In each file system directory (no, I avoid 'folders'), say, with name x, there
is a file x.DOC, yes, in plain text, not from Microsoft's program Word, that
indicates the purpose of the directory and documents the files in it.

For a file I downloaded, typically I have the original URL, its title, some of
its text, and some of my notes on its relevance to the purpose of the
directory.

This DOC file can also record some relevant cross references among files and
directories on my hard disks.

So, the top two nodes in my taxonomic hierarchy are PROJECTS and TOPICS. The
first is for work that is really just mine, and the second is for information
from others. Directory PROJECTS has 59 subdirectories, and TOPICS has 65. Yes,
I have some simple command line 'tree walking' scripts I like much better than
anything from Microsoft.

Yes, I use text windows and command lines heavily -- again, they are easy for
both me and the scripts I write.

(4) Directory Listing.

The scripting language ObjectRexx has a function SysFileTree that will give an
'array' with one array 'component' for each file or directory in a file system
subtree along with time and date last changed, length in bytes (modulo 2 __32,
for files), the usual file system 'attributes' such as system, hidden,
archived, read-only, and directory, and the fully qualified tree name.

I have a simple script that writes this 'array' to a file, typically in the
root directory of the file system subtree it describes, with one line for each
array 'component'.

The file is in 'fixed fields' and, thus, in KEdit is easily sorted on any of
the fields.

And, of course, KEdit has terrific means of 'selecting' lines from the file,
and it is easy to write macros, even for just one use, for much more in
'selecting' desired lines.

This file is often very useful for finding things and manipulating files and
directories, especially when further processed with macros or scripts.

(4) Facts

I also have a file, and, now, really a small 'system', for ready access to
'facts' or little points someone with a phenomenal memory would just keep in
their head.

The 'system' is dirt simple and works GREAT. It's shocking, and even
intriguing, how successful such a simple system can be.

Yes, the whole thing is used and maintained using KEdit and with a grand
total, please sit down for this, of two (2) macros particular to Facts.

The file is SMALL: It currently is just 812,965 bytes, 26,915 lines, 1,395
separate 'fact' entries, since

Friday, September 2nd, 2005.

That is, 1,958 days, for about

1,395 / 1,958 = 0.71

facts per day.

A typical fact entry is:

==========================

:Created at. 21:18:47 on Tuesday, January 11th, 2011.

:Keys. viral CloudSponge

CloudSponge is supposed to help viral growth.

With promo code TWIVC from Mark Suster, might get freebe for 3 months.

==========================

So, for the problem in the blog post, as I read Hacker News, etc., if I find
an article, blog post, fact, etc. that, as in the blog post, I believe might
be useful to me, then I put some relevant data on my disk.
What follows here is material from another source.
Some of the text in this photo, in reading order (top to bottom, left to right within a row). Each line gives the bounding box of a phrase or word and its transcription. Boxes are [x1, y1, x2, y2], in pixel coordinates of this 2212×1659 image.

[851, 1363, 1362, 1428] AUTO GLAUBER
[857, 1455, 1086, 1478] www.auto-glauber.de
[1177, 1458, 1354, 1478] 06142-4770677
For an HTML file,
typically I will pick an appropriate directory in my taxonomic hierarchy, in a
text window use my tree walking scripts to get to the directory, use a KEdit
macro to pick a name for the file and put its tree name on the clipboard, have
my favorite Web browser get the tree name from the clipboard and save the file
as that tree name. Then I have another KEdit macro help me put an entry in the
DOC file for that directory describing the file.
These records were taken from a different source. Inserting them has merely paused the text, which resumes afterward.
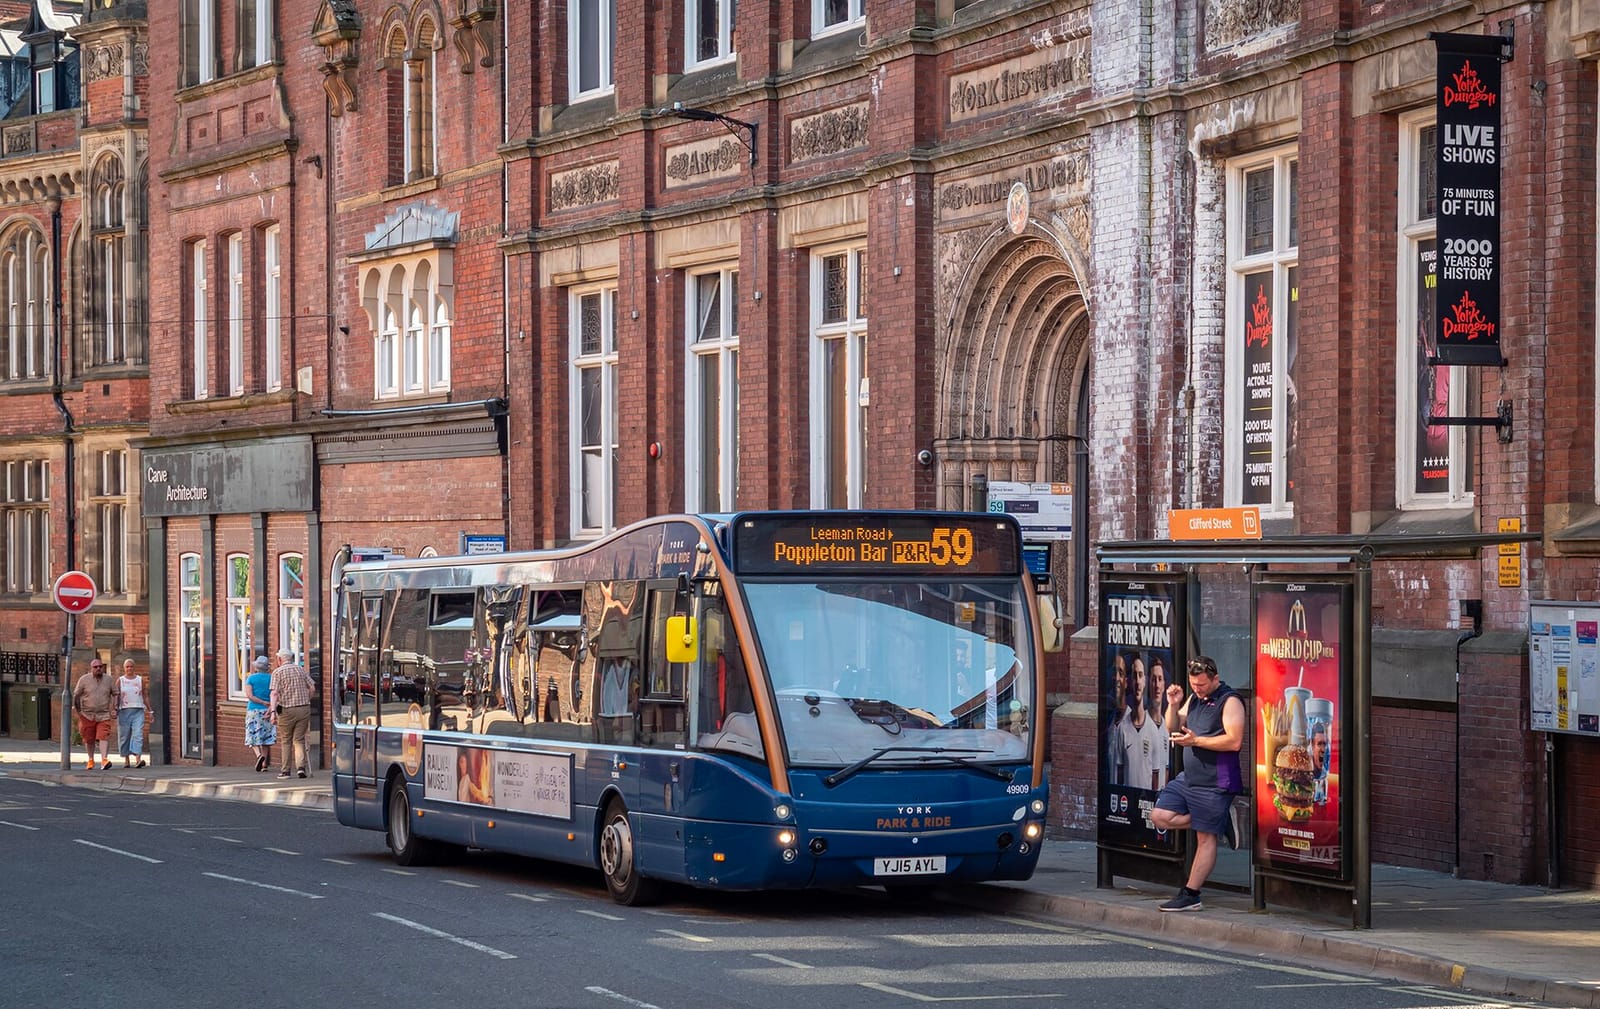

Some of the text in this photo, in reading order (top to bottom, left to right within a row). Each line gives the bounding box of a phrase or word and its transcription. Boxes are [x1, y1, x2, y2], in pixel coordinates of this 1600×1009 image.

[1453, 73, 1486, 93] York
[1444, 86, 1496, 110] Dungeon
[1444, 124, 1494, 147] LIVE
[1443, 147, 1495, 164] SHOWS
[1443, 188, 1494, 199] 75 MINUTES
[1442, 200, 1495, 216] OF FUN
[1444, 238, 1492, 255] 2000
[1420, 250, 1436, 262] VENG
[1444, 256, 1492, 267] YEARS OF
[1444, 267, 1492, 280] HISTORY
[1452, 305, 1486, 323] York
[1247, 321, 1272, 348] Dunge
[1442, 317, 1495, 340] Dungeon
[1252, 362, 1271, 374] 10 LIVE
[1247, 375, 1273, 387] ACTOR-LE
[1252, 388, 1271, 399] SHOWS
[1245, 419, 1272, 431] 2000 YEA
[1246, 432, 1272, 444] OF HISTOR
[148, 467, 167, 482] Carve
[1246, 463, 1272, 473] 75 MINUTE
[1251, 476, 1270, 486] OF FUN
[166, 484, 207, 501] Architecture
[990, 502, 1003, 512] 59
[1189, 517, 1254, 529] Clifford Street TD
[811, 527, 885, 540] Leeman Road
[775, 528, 973, 566] Poppleton Bar P&R 59
[1108, 599, 1170, 624] THIRSTY
[1108, 624, 1170, 647] FOR THE WIN
[1269, 638, 1302, 659] WORLD
[1304, 640, 1322, 662] CUP
[1006, 784, 1029, 794] 49909
[876, 816, 950, 829] PARK & RIDE
[883, 859, 938, 872] YJ15 AYL
So, to find things, a first approach, which usually works, is just to do some
tree walking in my taxonomic hierarchy.

If that fails, then using Microsoft's program FINDSTR (a weak version of a
good version of the standard Unix program GREP -- there is likely a good
version of GREP for Windows, and likely I should get one) is usually enough.
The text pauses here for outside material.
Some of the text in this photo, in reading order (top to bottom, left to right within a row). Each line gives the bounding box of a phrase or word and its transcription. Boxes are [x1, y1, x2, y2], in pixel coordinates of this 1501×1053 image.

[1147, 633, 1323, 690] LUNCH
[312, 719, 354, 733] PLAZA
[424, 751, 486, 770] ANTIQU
If I am really looking for 'information' on a topic, then, again, the
taxonomic hierarchy is a good approach, the DOC files in relevant directories
can be better, and my little system Facts can be still better.

Net, the problem in the blog post I believe I have solidly solved: I keep
stuff, my own and from the Internet, and can find the stuff either as specific
files or starting with just a topic.

As in a kitchen, a few, good, simple tools can be the best approach.

------
localhost3000
I forgot what the point was already.